The incidence of hip fractures in Oslo has shown a secular increase during the past decades. The main aims of the present study were to report the current incidence of hip fractures in Oslo and to determine whether there is a seasonal variation in the occurrence of fractures. Using the electronic diagnosis registers and the lists of the operating theater for the hospitals in Oslo with somatic care, all patients with ICD-9 code 820.X (hip fracture) from May 1, 1996 to April 30, 1997 were identified.

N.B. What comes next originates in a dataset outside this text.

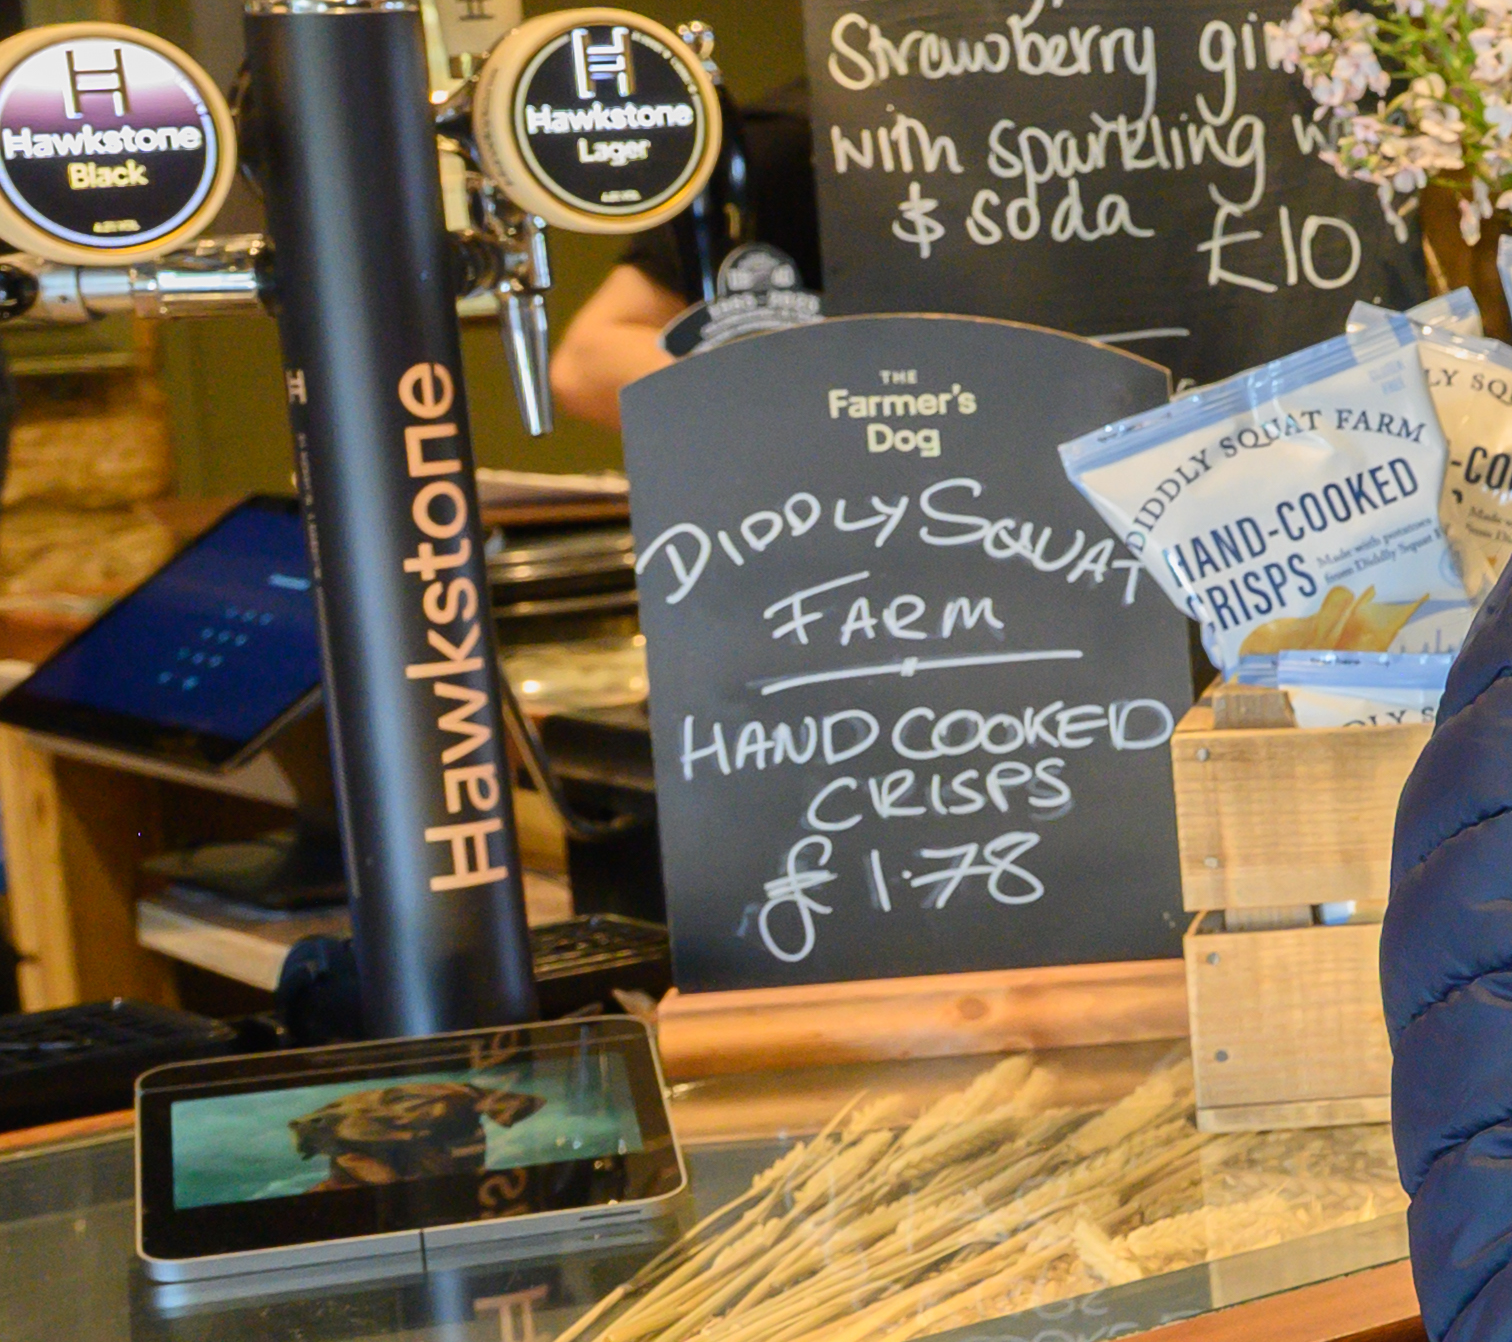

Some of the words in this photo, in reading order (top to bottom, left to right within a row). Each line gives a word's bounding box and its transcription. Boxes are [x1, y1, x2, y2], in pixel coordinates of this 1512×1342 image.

Medical records for all identified patients were obtained and diagnosis was verified. Using the population of Oslo on January 1, 1997 as the population at risk, the age- and gender-specific annual incidence rates were calculated. These rates were compared with those for 1988/89 and 1978/79. Outdoor temperature data for Oslo were obtained to study the relation between temperature and number of hip fractures. A total number of 1316 hip fractures was included, of which 78% occurred in women. An exponential increase in incidence with age was observed in both genders. The age-adjusted fracture rates per 10,000 for the age group > or =50 years were 118.0 and 44.0 in 1996/97, 124.3 and 44.9 in 1988/89, and 104.5 and 35.8 in 1978/79 for women and men, respectively. There was no significant seasonal variation in the incidence of hip fractures and no correlation between mean outdoor temperature and number of fractures for each month in 1996/97. The data show that the incidence of hip fractures in Oslo has not changed significantly during the last decade, and it is still the highest reported. The cold climate of Oslo does not seem to contribute to the high incidence.

PMID:
11704490
[PubMed - indexed for MEDLINE]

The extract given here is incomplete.